Man in custody after shooting deputy near Crookston; officer wearing bulletproof vest uninjured
CROOKSTON, Minn. - A man who shot but did not wound a Polk County sheriff's deputy near Crookston on Thursday afternoon is in custody, according to the Minnesota Bureau of Criminal Apprehension.
CROOKSTON, Minn. - A man who shot but did not wound a Polk County sheriff’s deputy near Crookston on Thursday afternoon is in custody, according to the Minnesota Bureau of Criminal Apprehension.
Deputies were talking with residents at a home on Perry Farms near U.S. Highway 75 about two miles south of Crookston in northwest Minnesota, about 1 p.m. Thursday, when the man began firing on the group from within the home, the bureau said in a press release.
Law enforcement officials could not be reached to explain why deputies were at the residence.
One of the deputies, whose name has not been released, was struck. He was wearing a bulletproof vest and was not injured, the press release states.
The release did not name the man who fired shots, but said he sustained non-life-threatening injuries. It is unclear how the man was injured and by whom.
“Shots were exchanged, during which time the suspect was injured,” the release states.

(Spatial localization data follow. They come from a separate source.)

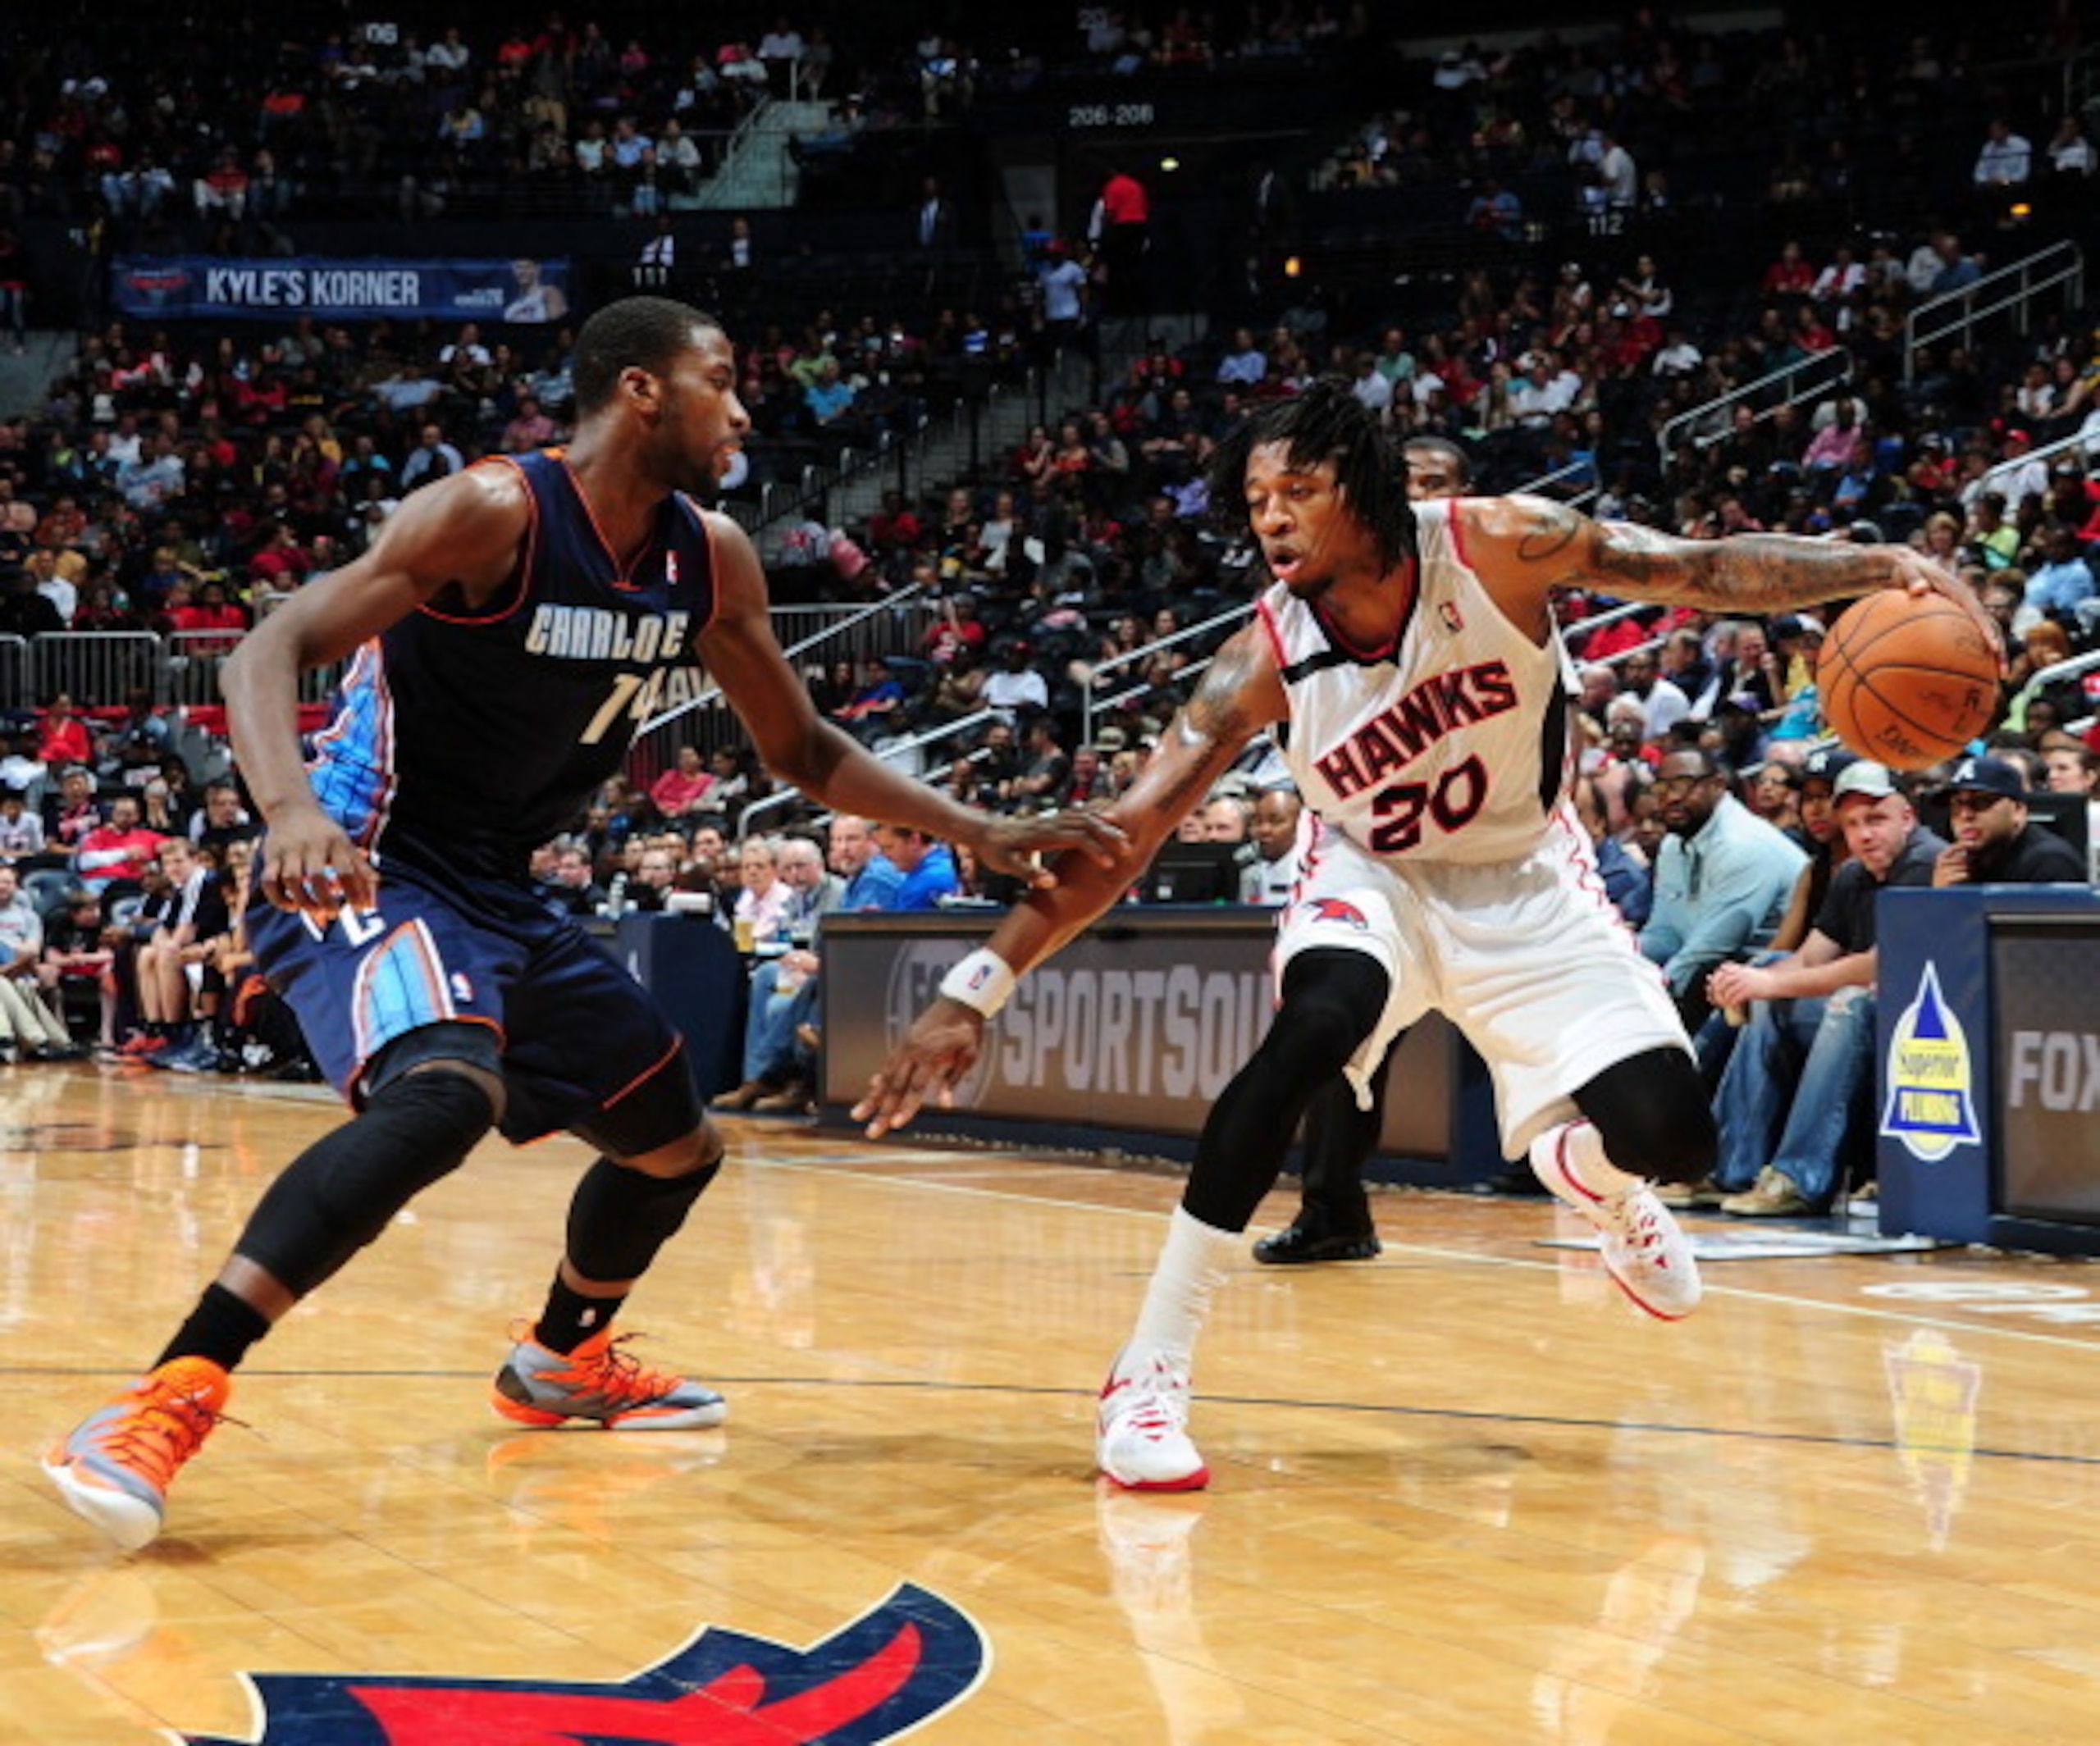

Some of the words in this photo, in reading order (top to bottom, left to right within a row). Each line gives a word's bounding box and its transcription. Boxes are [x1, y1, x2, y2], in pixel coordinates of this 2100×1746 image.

[1588, 213, 1623, 236] 112
[207, 269, 304, 306] KYLE'S
[313, 271, 419, 307] KORNER
[1312, 659, 1520, 801] HAWKS
[1372, 753, 1488, 853] 20

The man was taken to the jail in Crookston after being treated for his injuries at the Riverview Hospital in Crookston. No one else is being sought in connection to the shooting.
Little could be seen from the intersection where law enforcement blocked the dirt driveway leading to the crime scene.

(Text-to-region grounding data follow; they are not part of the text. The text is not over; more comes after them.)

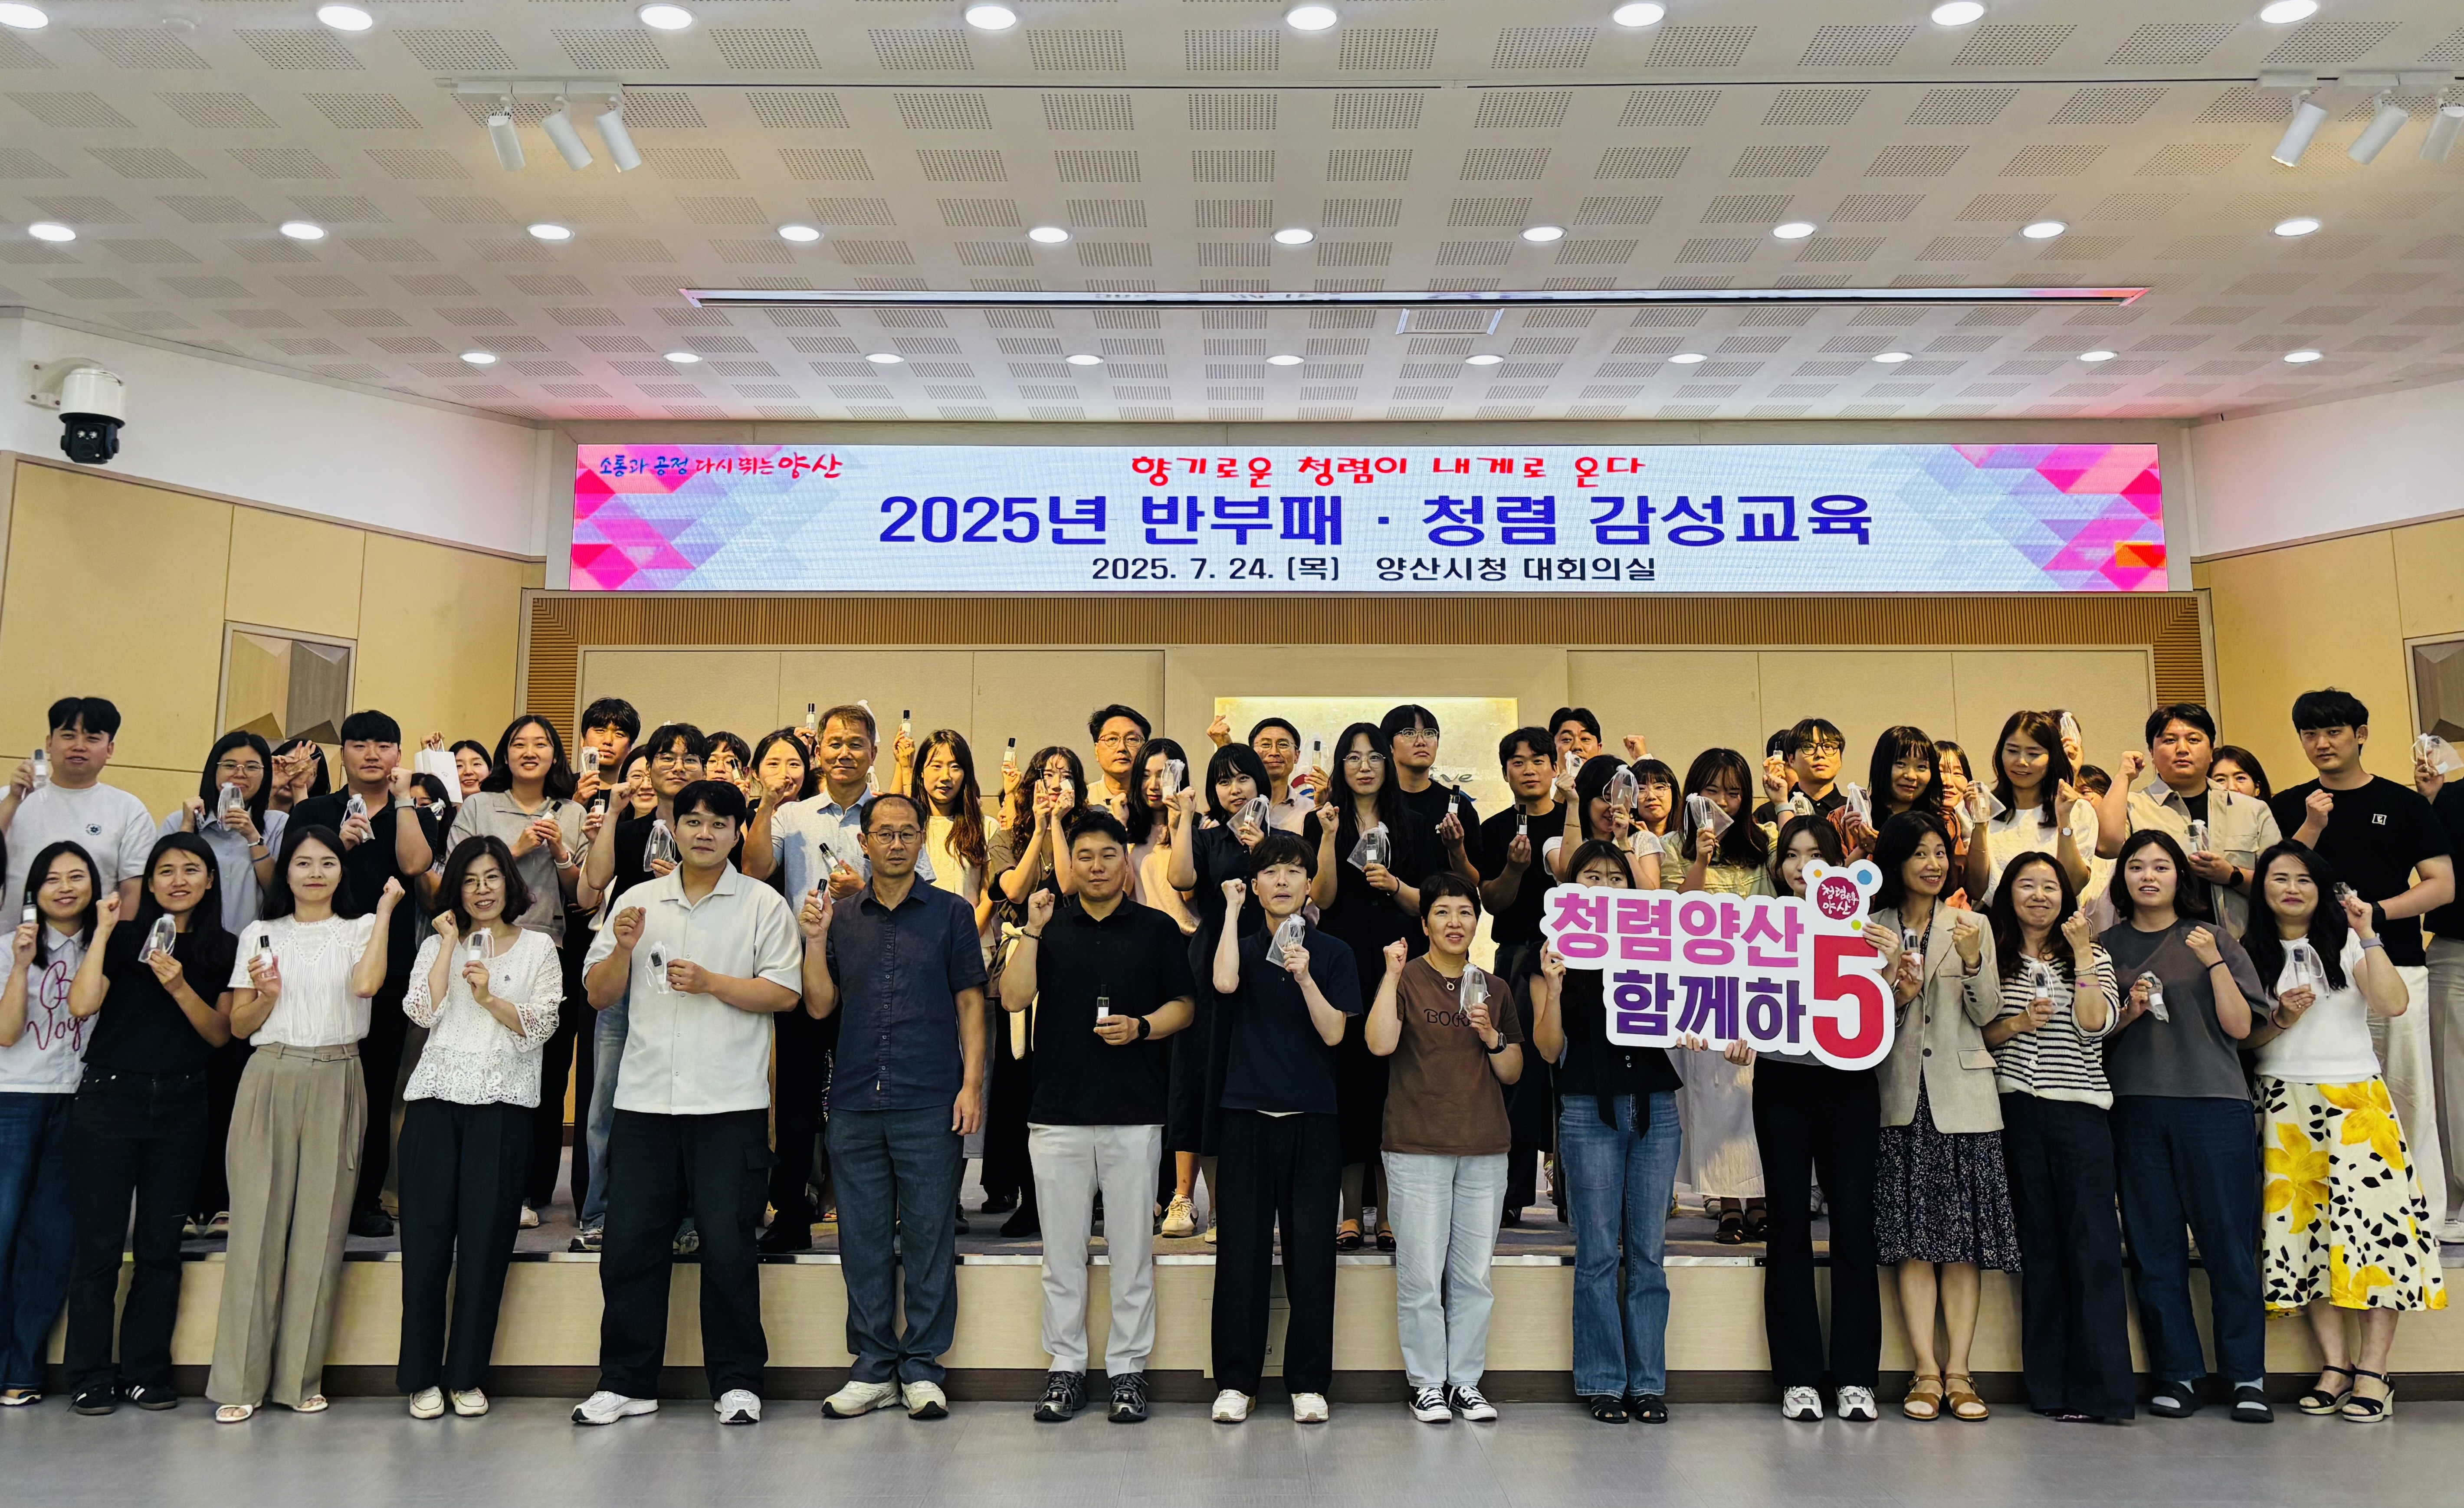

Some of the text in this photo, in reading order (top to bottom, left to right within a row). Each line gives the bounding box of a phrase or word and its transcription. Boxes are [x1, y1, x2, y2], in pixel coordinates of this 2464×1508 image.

[600, 452, 843, 479] 소통과 공정 다시 뛰는 양산
[1131, 456, 1646, 488] 향기로운 청렴이 내게로 온다
[879, 495, 1106, 545] 2025년
[1142, 495, 1342, 546] 반부패
[1422, 495, 1556, 547] 청렴
[1590, 495, 1872, 547] 감성교육
[1092, 557, 1176, 580] 2025.
[1190, 557, 1215, 580] 7.
[1229, 557, 1273, 580] 24.
[1376, 557, 1506, 581] 양산시청
[1523, 557, 1655, 581] 대회의실
[1822, 900, 1852, 915] 양산
[1551, 892, 1805, 968] 청렴양산

State Rep. Deb Kiel, R-Crookston, is a member of the Perry family that owns the farm and lives five miles from where the shooting occurred. Kiel said her parents and brother, Charles Perry, live in houses on the farm, but she hadn’t heard any details of the shooting aside from the fact that no one had been hurt.
Officer-involved shootings are uncommon in northwest Minnesota, but there have been two previous incidents in recent years.
In February 2009, Mahnomen County Deputy Christopher Dewey was severely injured after he was shot in the head and abdomen outside a home in Mahnomen. Deputy Dewey died about 18 months later.
A jury found Thomas Lee Fairbanks guilty of first-degree murder of a peace officer and numerous other charges, including failure to render aid to a shooting victim, being a felon in possession of a firearm and several counts of assault.
Earlier this year, Norman County Deputy Nathan Warner was shot during a traffic stop near Perley, Minn.
Steven Henderson, who turned 20 on Tuesday, faces four counts related to the April stop, including first-degree attempted murder of a peace officer. Court papers state Henderson opened fire on Warner, who had placed the suspect’s brother under arrest on an outstanding warrant.
One bullet struck Warner, who was wearing a bullet-resistant vest, in the back. A second bullet struck the deputy’s portable radio. Warner, who returned fire but missed, was justified in shooting his firearm, a report determined.
Henderson’s next court hearing is set for next Wednesday.